Tuesday, July 14, 2009

My mind is in a weird place to bear with me or don't read on:

I think basically that nothing is real except for our perception of it. Not even life or, according to God, time, is real. It's all just a figment of our...bodies/minds?
How we perceive life/situations/people is all that counts. And what we do with those perceptions is all that counts in eternity. So maybe then actually only what we do counts. And what we do is influenced by how we perceive something.

So say my friend sees me with another guy, who is not my boyfriend. She goes and tells my boyfriend. He then reacts according to how he perceives our relationship. He can, either, know we are in a strong, accountable, stable relationship and knows that he trusts me and not even be bothered about it. Or he can worry because he is insecure in the relationship or because of past hurts. He can even talk to me about it, and see my explanation (it's an old friend) as a lie. He then becomes paranoid every time I go out and starts being possessive or he can distance himself trying to get "back" at me or trying to not get hurt himself. Or he can choose to believe that I am cheating on him and leave me/shout at me ect.

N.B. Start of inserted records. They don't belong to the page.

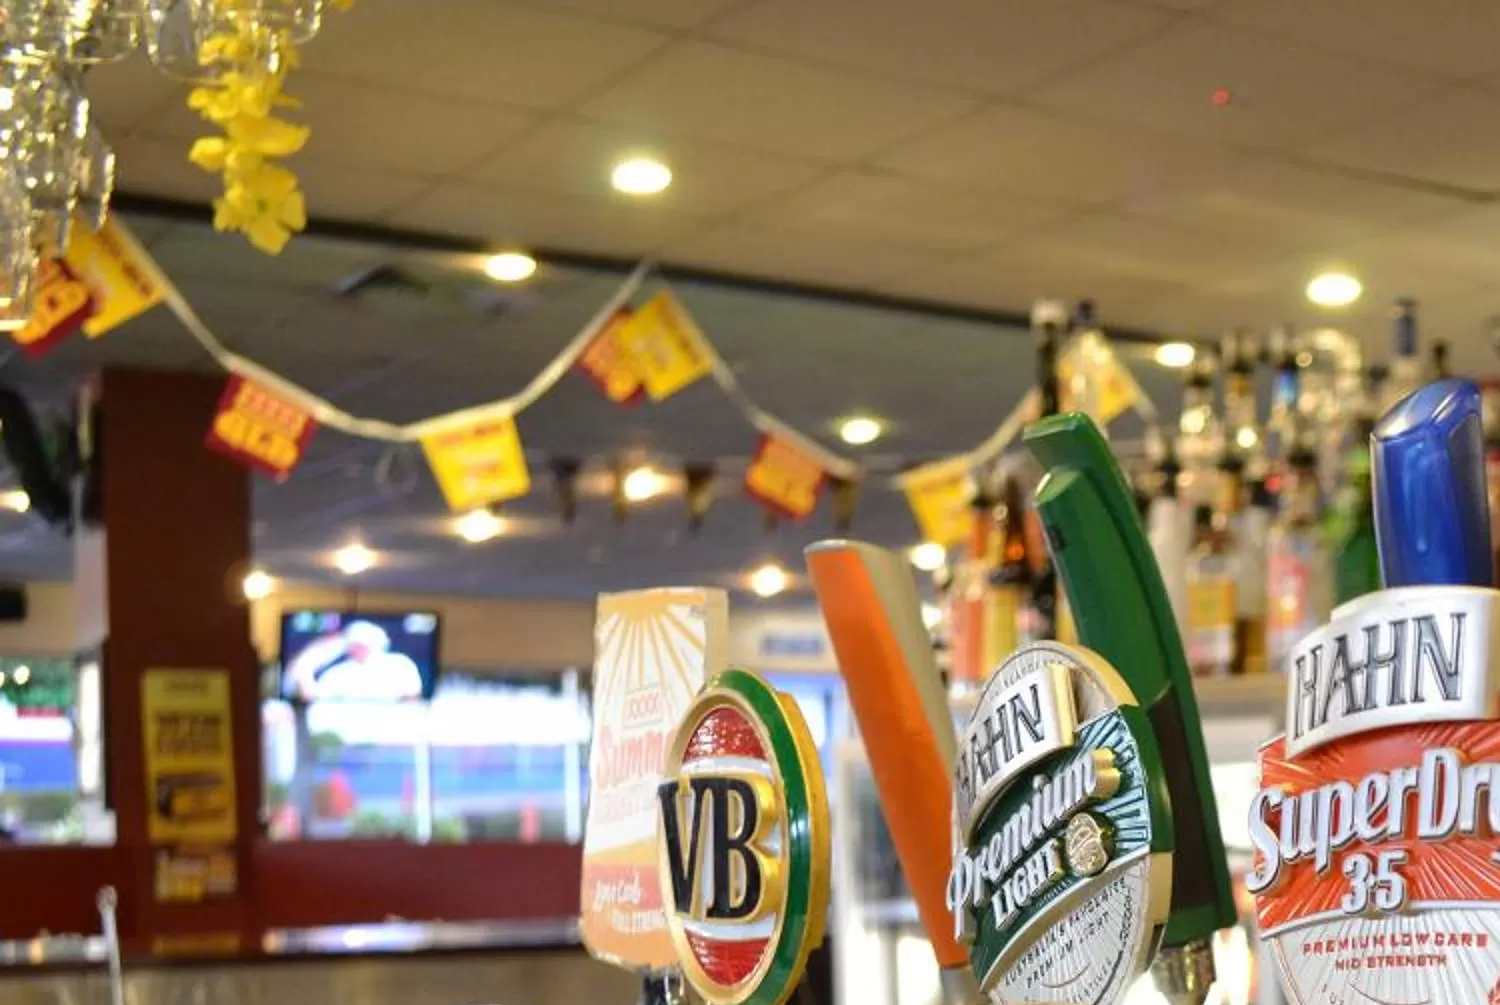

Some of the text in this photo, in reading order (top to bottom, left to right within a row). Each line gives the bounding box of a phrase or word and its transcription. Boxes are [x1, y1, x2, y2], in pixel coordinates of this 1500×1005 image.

[1292, 611, 1467, 741] HAHN
[658, 776, 763, 918] VB
[946, 750, 1099, 943] Premium
[991, 837, 1060, 931] LIGHT
[1302, 934, 1385, 957] PREMIUM
[1389, 931, 1431, 948] LOW
[1335, 953, 1448, 971] MID STRENGTH

How he perceived the situation is the dialogue that goes on in his head. It's that dialogue that convinces us on the "real"ness of a situation. That is why we need to be acutely aware of the dialogue in our head. Of our thoughts. Same situation counts for someone who walks past a group of people who burst out laughing. In actual fact the one has just told a joke, but the person convinces herself they are laughing at her. So she gets negative reinforcement that "yes, they are laughing at me" and then acts in an insecure manner, which makes it even harder for people to relate to her, pushing her more away and reinforcing the negative cycle.

I'm just thinking aloud so stop if you get confused.

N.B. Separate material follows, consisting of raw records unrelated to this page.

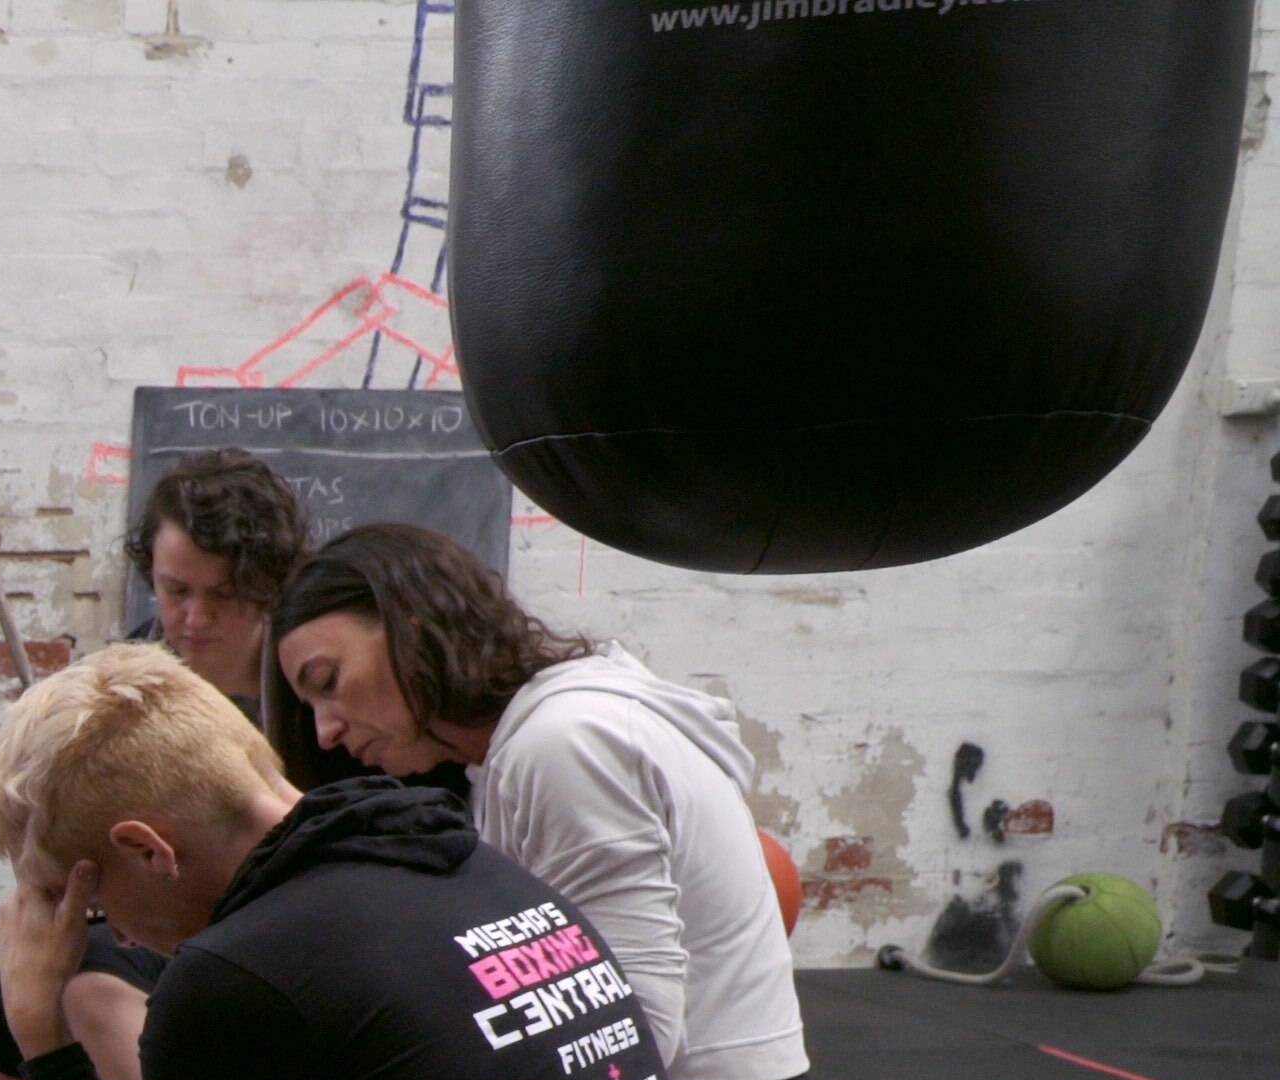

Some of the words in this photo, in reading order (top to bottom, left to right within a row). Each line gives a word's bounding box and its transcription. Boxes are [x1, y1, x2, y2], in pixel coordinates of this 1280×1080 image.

[652, 0, 1040, 32] www.jimbray.
[174, 400, 294, 430] TON-UP
[454, 902, 568, 958] MISCHA'S
[468, 924, 600, 999] BOXING
[557, 1017, 640, 1075] FITNESS

So here's a thought: how about we convince ourselves of positive things? So... even if they are laughing at you, if you convince yourself they aren't, you won't be shy around them, build a relationship with them, get positive reinforcement ect. Or in the relationship example. Say the girl is not cheating on the guy. He is throwing away a perfectly good relationship due to negative perceptions. And the more he is confident and secure in himself, it will show in his relationship, making the girl like him even more, turning it into a reality. I've left steps out and used simplified examples, but this is true.

It has been shown repeatedly in psychology that your expectation of treatment to work (whether pharmacological or therapeutic) is a strong determining factor in the success thereof. In other words, placebo effect. If you expect a certain outcome you are likely to receive that outcome.

Anyway. That's me so far on the subject. Thinking about it a lot however.

1 comment:

  1. I agree that our thoughts shape most of our lives. I think God can play a massive role in replacing lies with truth (He smashed lots of insecurity lies in my head in 2006 and helped me re-establish patterns of self-worth rooted in His love for me).
    If you don't have God, perhaps you learn through other epiphanies.
    And we all learn through relationship. 'n Opbouende vriendskap of verhouding of iemand wat jou inspireer kan 'n reuse verskil maak aan hoe jy die wereld sien.

    Ons is so geneig om te dink iets is veel erger as wat ons ons verbeel. Maar wanneer laas het jy gewonder of iets dalk veel beter is as wat jy dink? Why is it such a no-no to exeggerate in the happy direction?